◆ WHAT TO PRODUCE ◆
What you return must match the records word for word, except that pictures are dropped.

Annotated photo localization data
· · · ·

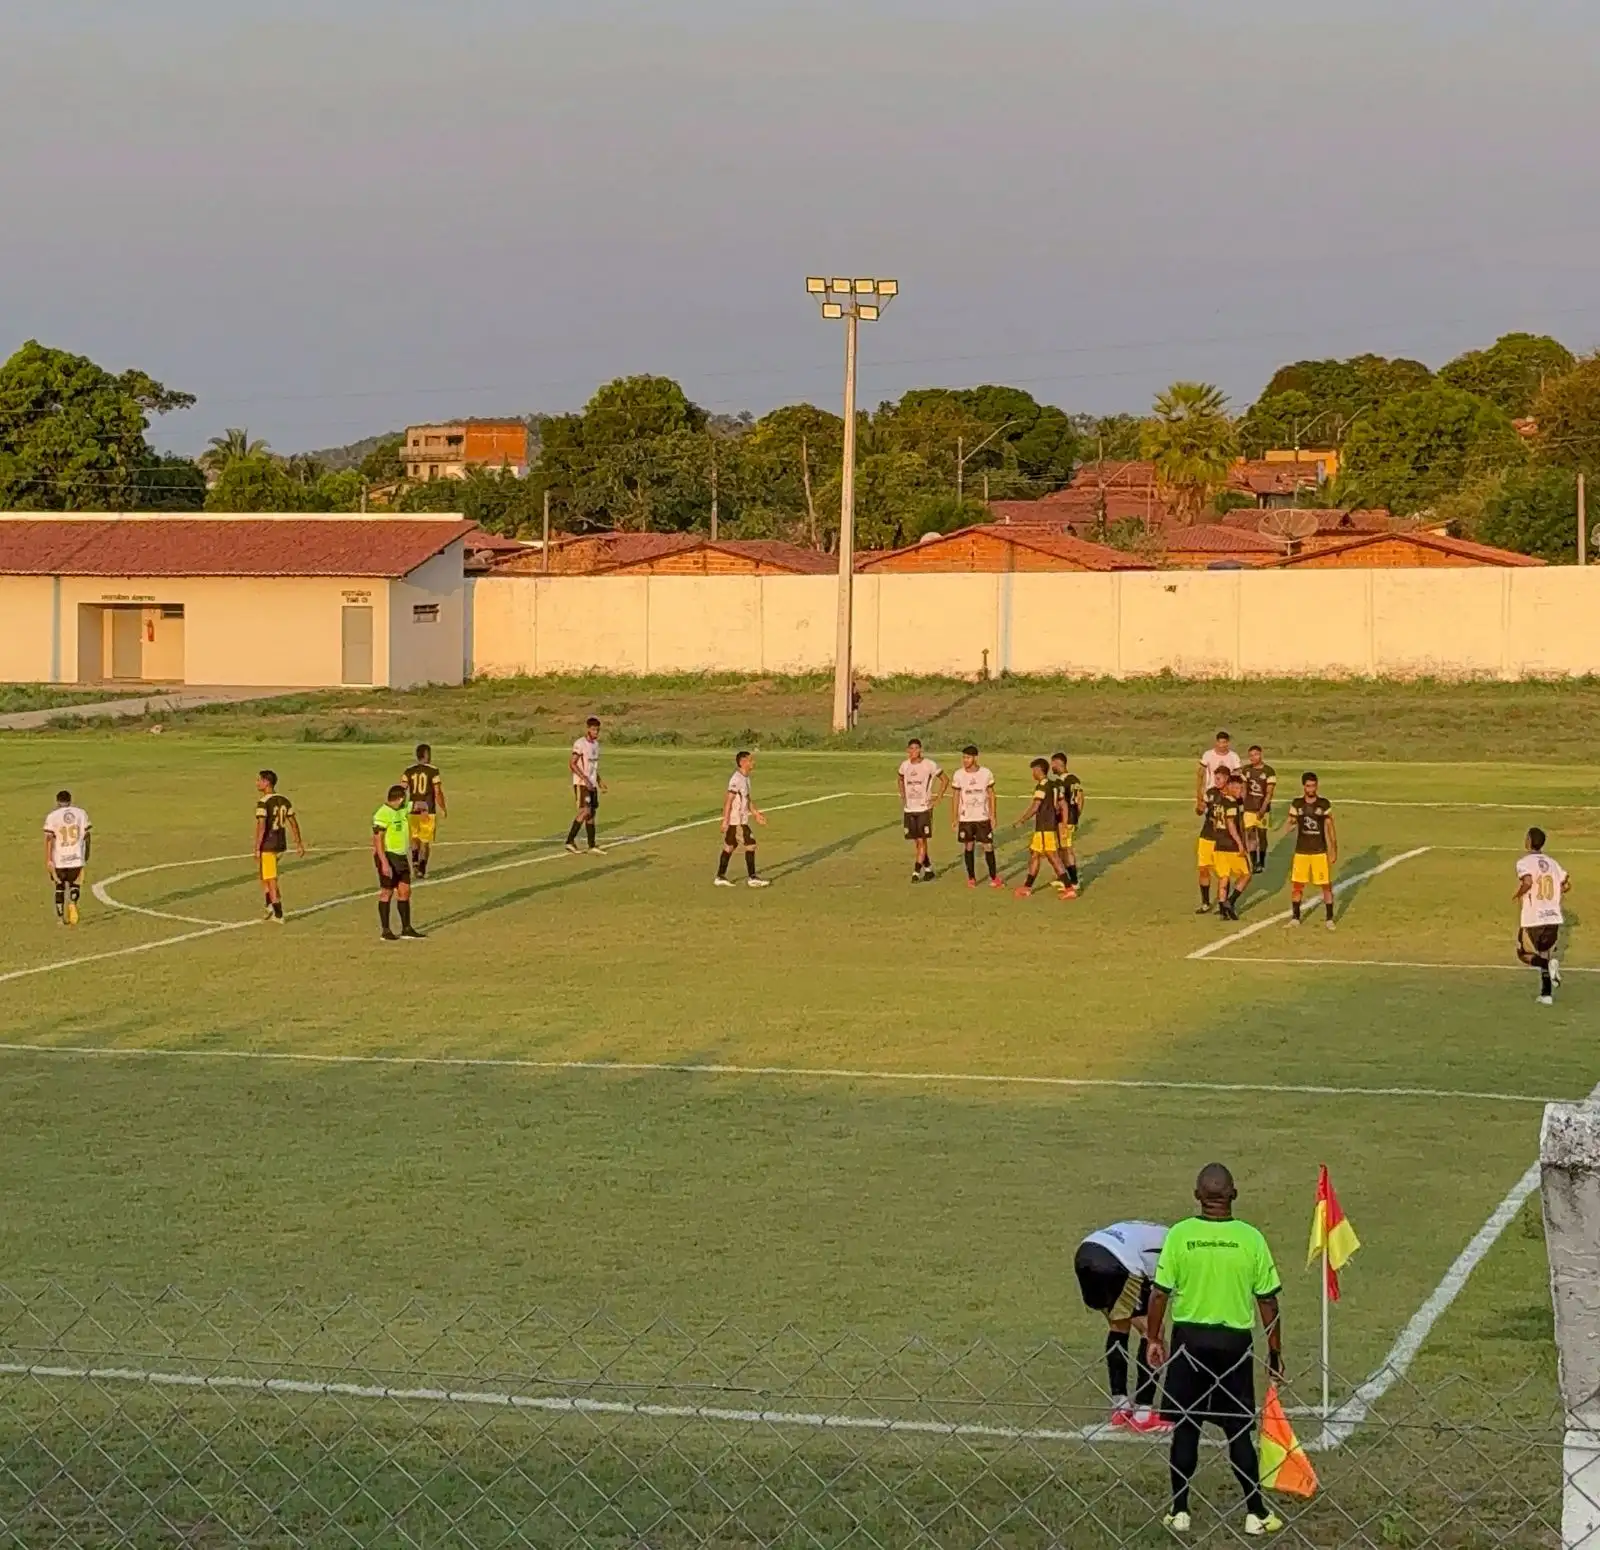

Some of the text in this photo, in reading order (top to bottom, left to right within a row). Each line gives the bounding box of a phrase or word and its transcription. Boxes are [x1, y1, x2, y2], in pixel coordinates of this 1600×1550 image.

[411, 772, 428, 796] 10
[272, 804, 288, 831] 20
[58, 824, 81, 848] 19
[1536, 875, 1554, 901] 10
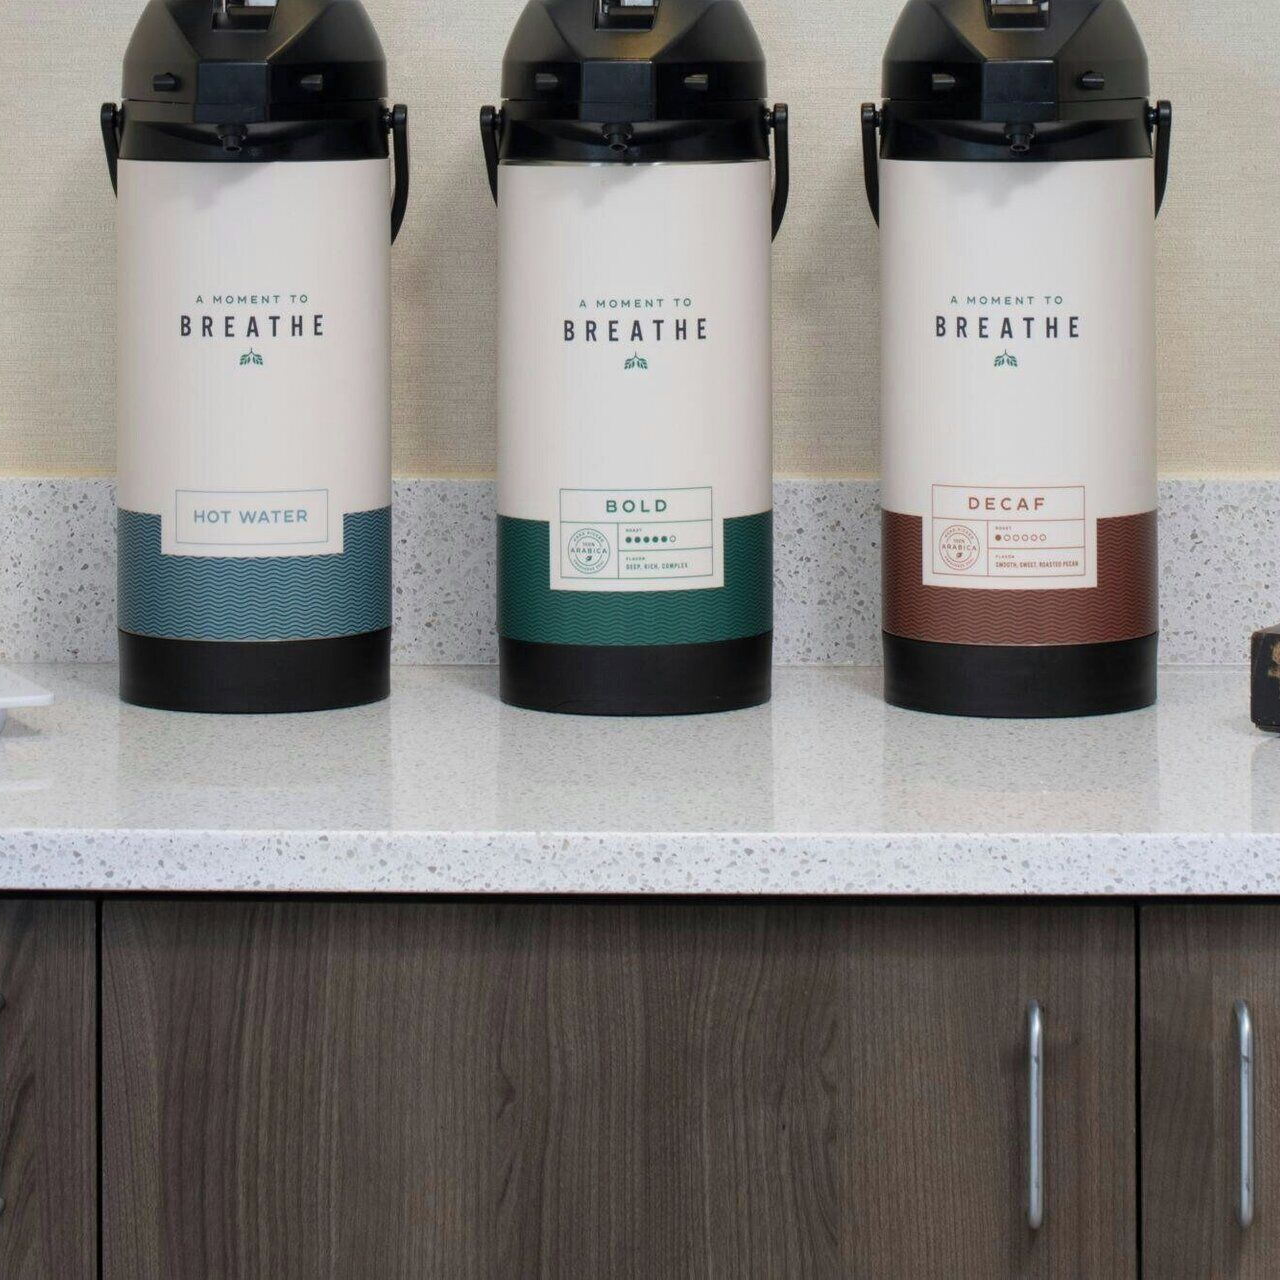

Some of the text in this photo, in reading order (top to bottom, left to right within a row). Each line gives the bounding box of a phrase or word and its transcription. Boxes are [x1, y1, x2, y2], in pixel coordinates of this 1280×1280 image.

· · · ·

◆ RESULT ◆
Some of the text in this photo, in reading order (top to bottom, left to right within a row). Each line gives the bounding box of a phrase or word and its transcription. Boxes are [x1, y1, x2, y2], in pixel coordinates of this 1600×1550 image.

[411, 772, 428, 796] 10
[272, 804, 288, 831] 20
[58, 824, 81, 848] 19
[1536, 875, 1554, 901] 10

Some of the text in this photo, in reading order (top to bottom, left to right within a row). Each line gives the bounding box of a phrase or word and its transcription. Boxes are [x1, y1, x2, y2], in pixel coordinates of this 1280×1280 image.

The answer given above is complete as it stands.